14.     The Authors Guild, et al. v. OpenAI

Case Background. The Authors Guild and seventeen individual authors (including John Grisham, George R.R. Martin and Nicholas A. Basbanes) filed a putative class-action suit against OpenAI on September 19th, 2023. The plaintiffs claimed that OpenAI trained its ChatGPT LLM by copying their copyrighted works. The complaint brings claims under 17 U.S.C. §501 for direct, vicarious, and contributory copyright infringement. The case is assigned to Judge Ona T. Wang.

Current Status: No major substantive developments this week.  We are still waiting for the court’s decision on discovery consolidation. The case seems to be on ice until then.

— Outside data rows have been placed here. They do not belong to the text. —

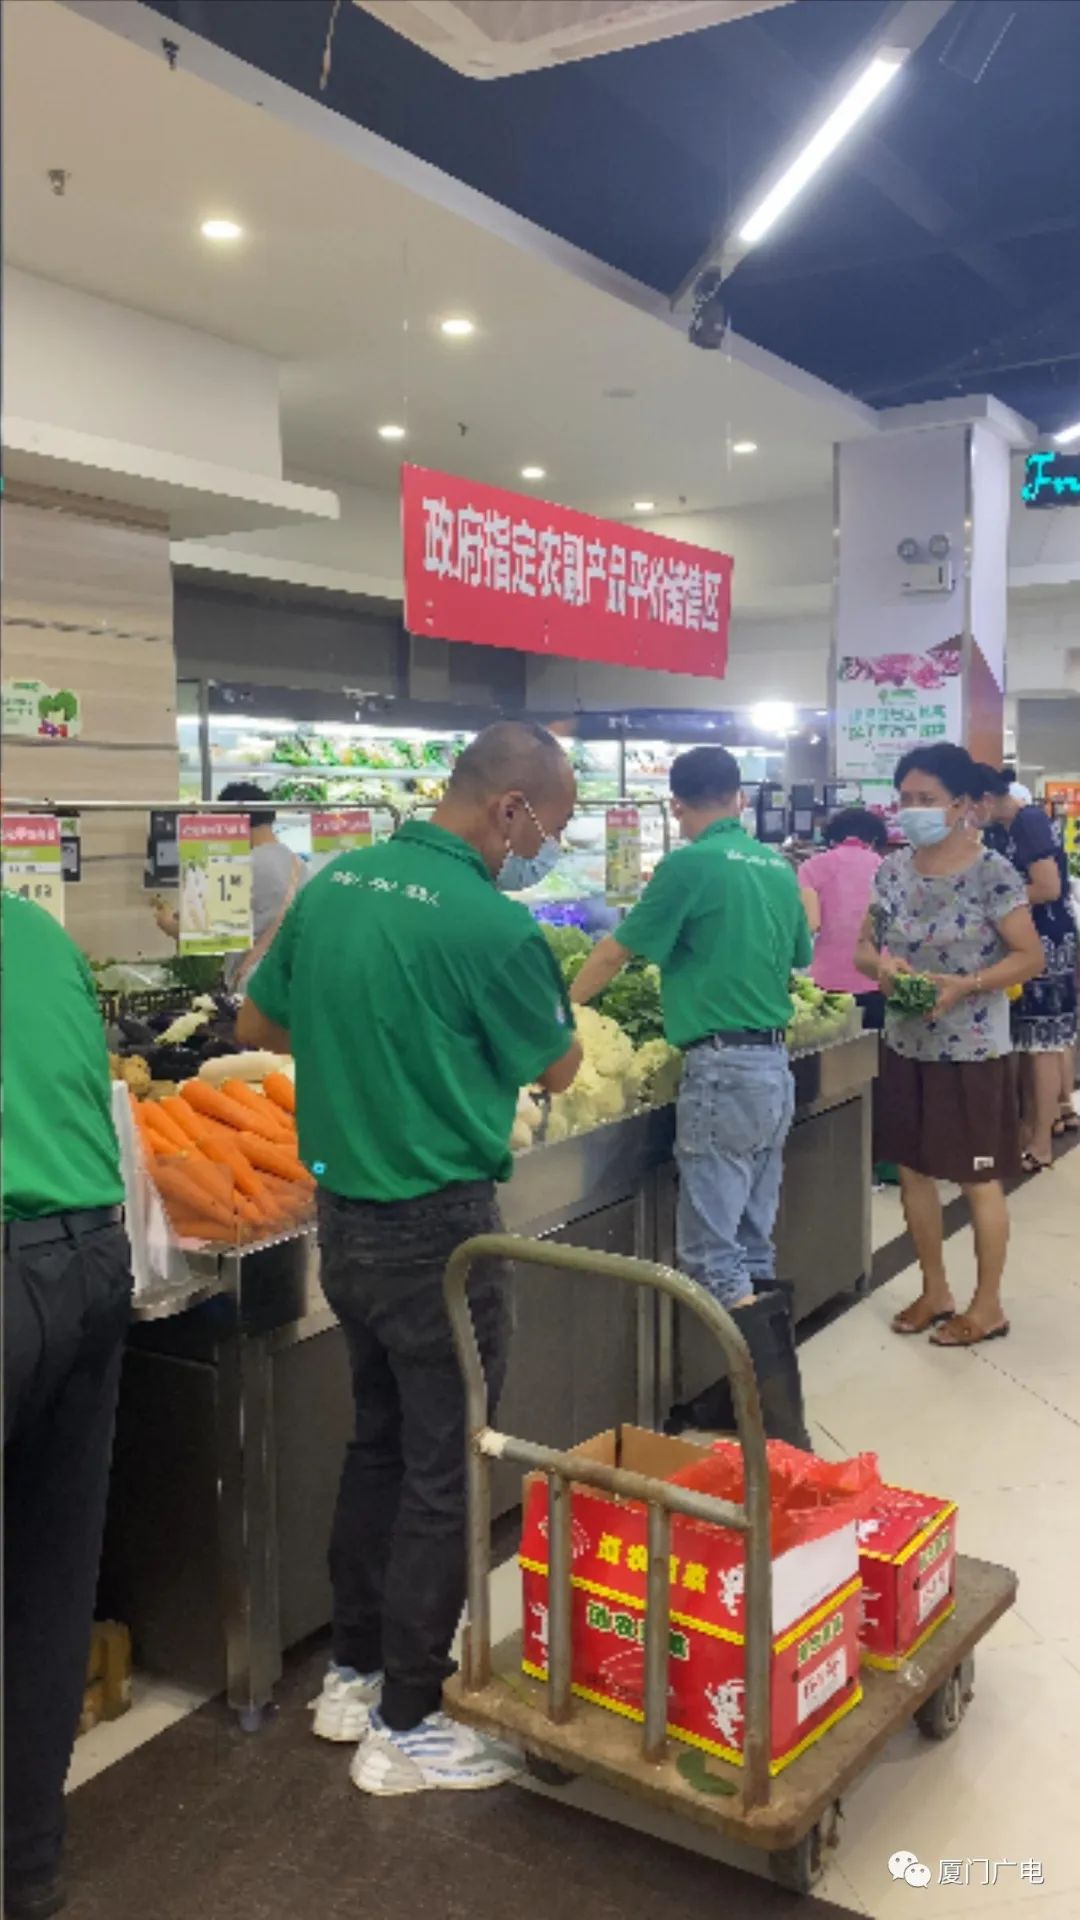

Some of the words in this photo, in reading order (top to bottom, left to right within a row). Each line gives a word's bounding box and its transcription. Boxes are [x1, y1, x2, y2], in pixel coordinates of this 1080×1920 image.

[422, 496, 722, 632] 政府指定农副产品平价销售区
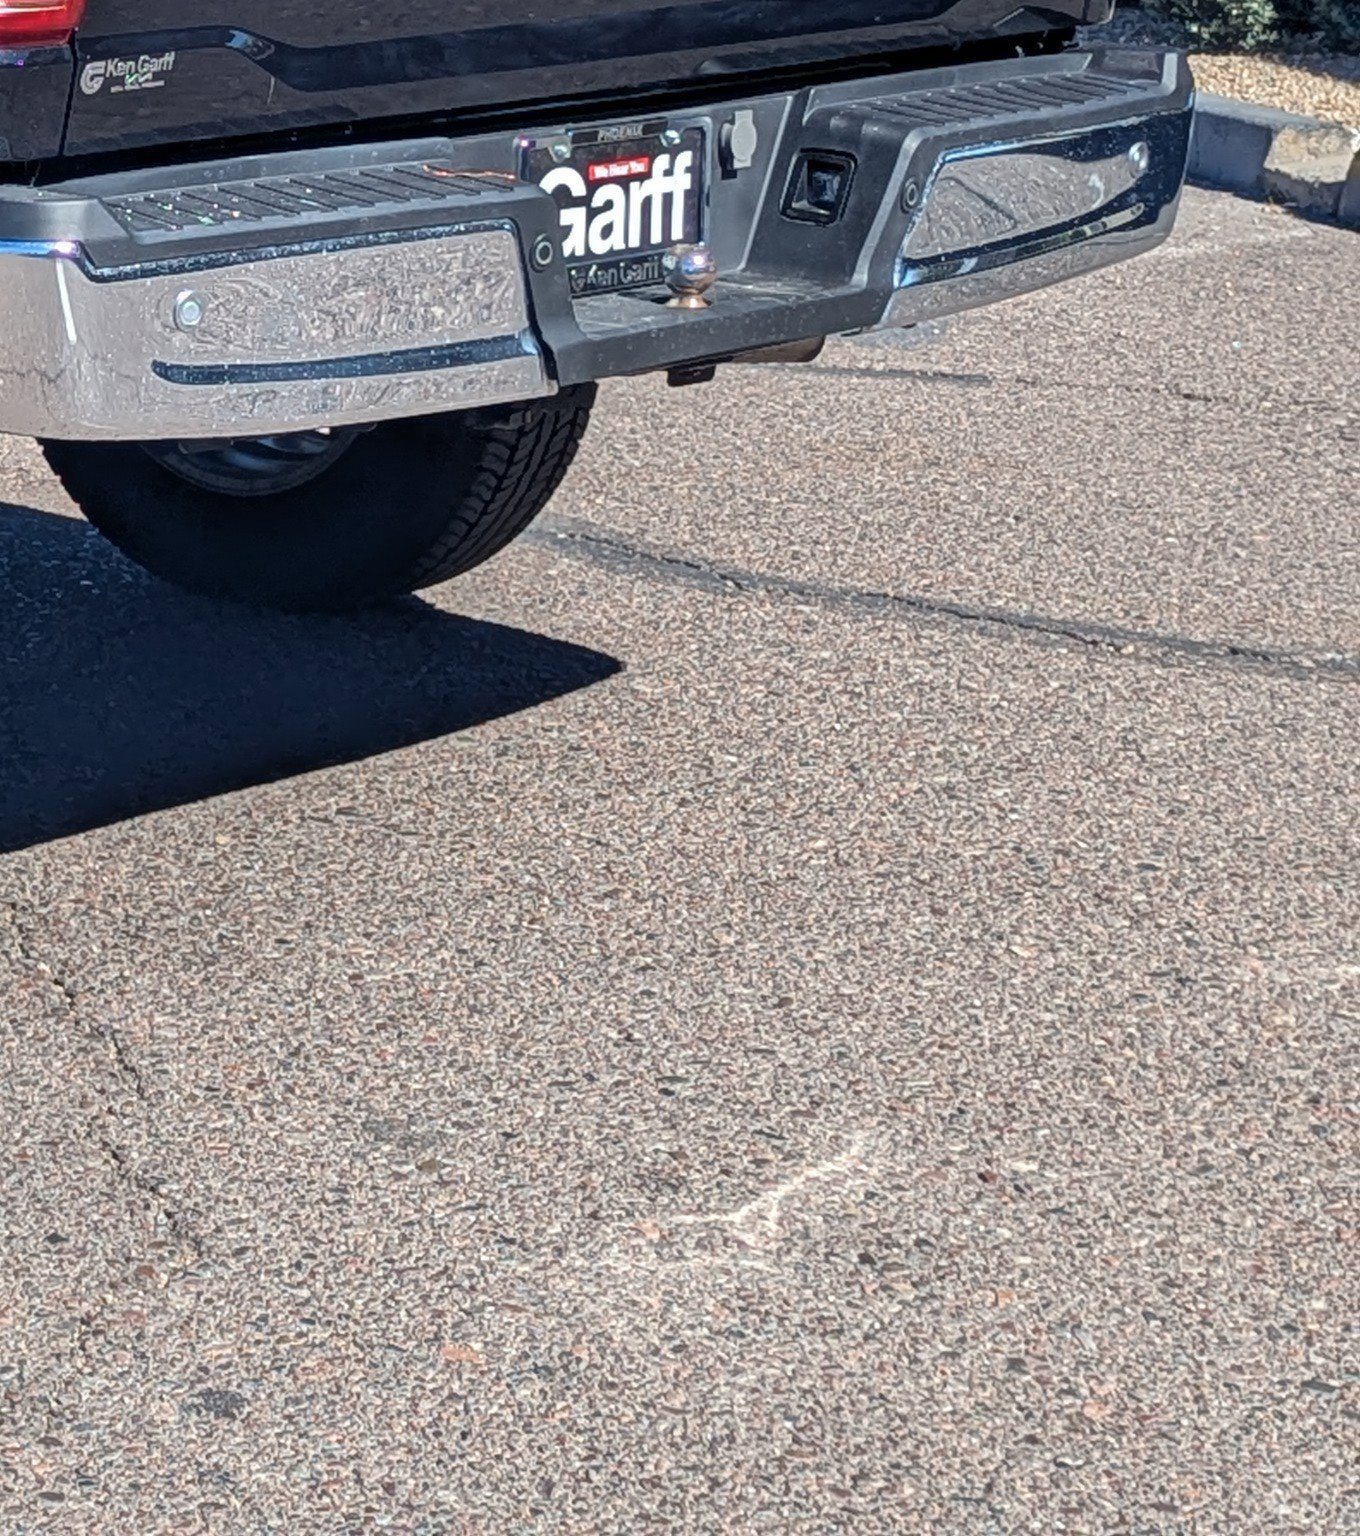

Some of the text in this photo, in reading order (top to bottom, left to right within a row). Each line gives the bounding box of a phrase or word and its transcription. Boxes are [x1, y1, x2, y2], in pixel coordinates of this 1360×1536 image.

[106, 51, 176, 77] Ken Garff
[609, 163, 629, 177] Hear
[629, 161, 645, 174] You
[540, 150, 693, 258] Garff
[587, 264, 618, 286] Ken

15. INTERNATIONAL CASE TRACKED: Canadian News Media Companies v. OpenAI

In a case similar to The New York Times v. OpenAI, Canada’s major news organizations sued OpenAI for copyright infringement on November 28th. Filed in Ontario’s Superior Court of Justice, the news organizations are seeking billions of dollars in compensation for the “ongoing, deliberate, and unauthorized misappropriation of the Plaintiffs’ valuable news media works.” This is the first case of its kind in Canada, and presents a new front against OpenAI, after one was opened in Germany in Gema v. OpenAI as reported last week.

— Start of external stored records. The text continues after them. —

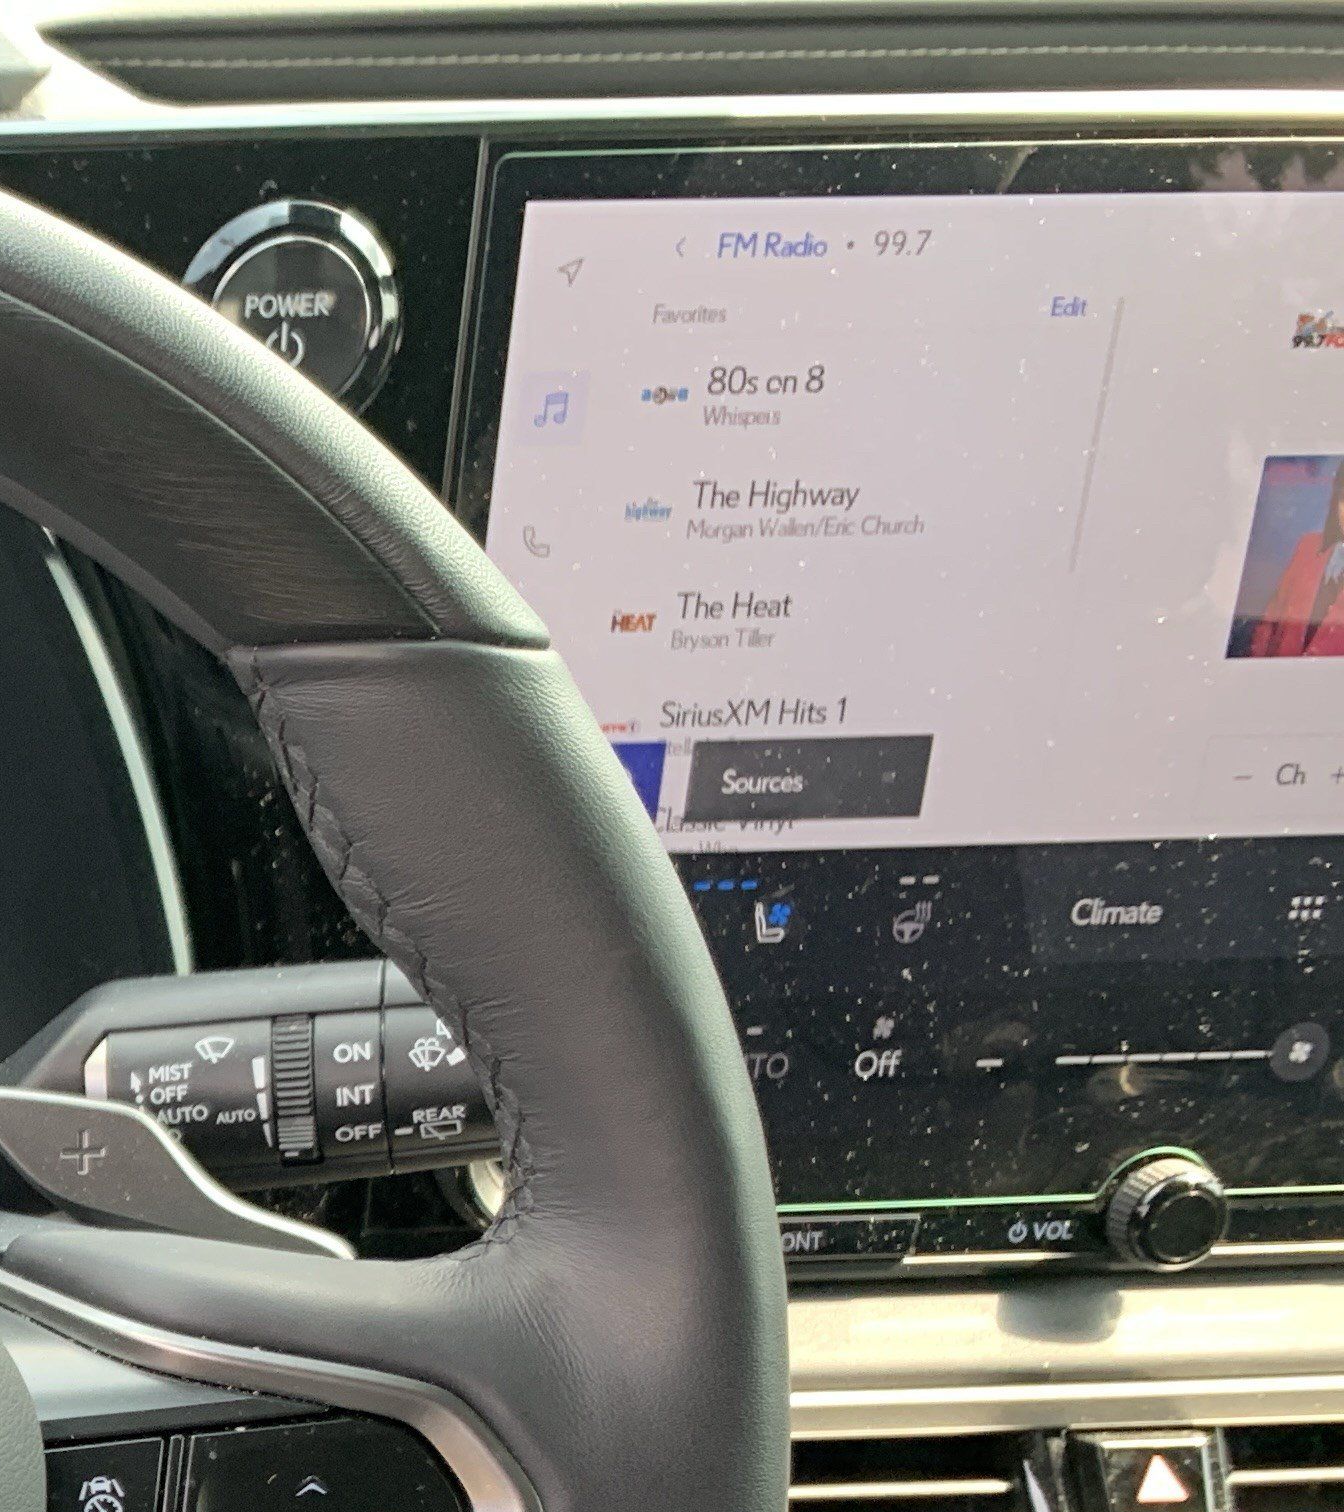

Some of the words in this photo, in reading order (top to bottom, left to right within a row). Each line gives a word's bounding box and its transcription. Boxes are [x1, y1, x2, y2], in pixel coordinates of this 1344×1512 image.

[717, 232, 758, 258] FM
[765, 231, 828, 257] Radio
[874, 229, 932, 256] 99.7
[244, 291, 331, 319] POWER
[652, 304, 728, 325] Favorites
[1050, 296, 1088, 317] Edit
[707, 366, 759, 395] 80s
[765, 373, 798, 395] on
[804, 365, 826, 394] 8
[693, 479, 741, 509] The
[748, 479, 861, 514] Highway
[686, 519, 753, 543] Morgan
[860, 514, 926, 538] Church
[676, 591, 724, 620] The
[730, 591, 793, 620] Heat
[670, 629, 730, 652] Bryson
[734, 628, 774, 650] Tiller
[659, 699, 771, 728] SiriusXM
[777, 697, 828, 726] Hits
[835, 696, 849, 724] 1
[721, 768, 805, 796] Sources
[1275, 762, 1307, 786] Ch
[1070, 898, 1163, 926] Climate
[333, 1041, 372, 1064] ON
[854, 1050, 904, 1078] Off
[148, 1062, 193, 1083] MIST
[746, 1051, 790, 1080] TO
[150, 1084, 189, 1105] OFF
[335, 1083, 376, 1107] INT
[157, 1106, 209, 1125] AUTO
[216, 1109, 257, 1125] AUTO
[412, 1104, 467, 1124] REAR
[334, 1121, 383, 1142] OFF
[782, 1231, 824, 1253] ONT
[1033, 1221, 1075, 1242] VOL

See https://litigate.com/assets/uploads/Canadian-News-Media-Companies-v-OpenAI.pdf

16. INTERNATIONAL CASE TRACKED: GEMA v. OpenAI

GEMA, a German association representing more than 95,000 composers, lyricists and publishers, filed suit in German court accusing OpenAI of reproducing their members’ song lyrics without a license. Gema claims this is a test case to clarify the law in Germany, and that it aims to establish a license model that would compensate music creators whose works are used to train AI models. The details of German copyright law are a bit beyond the scope of this blog, but we did think it noteworthy that the litigation trend is catching on worldwide. While we don’t plan to track this case closely, we will watch for any momentous developments.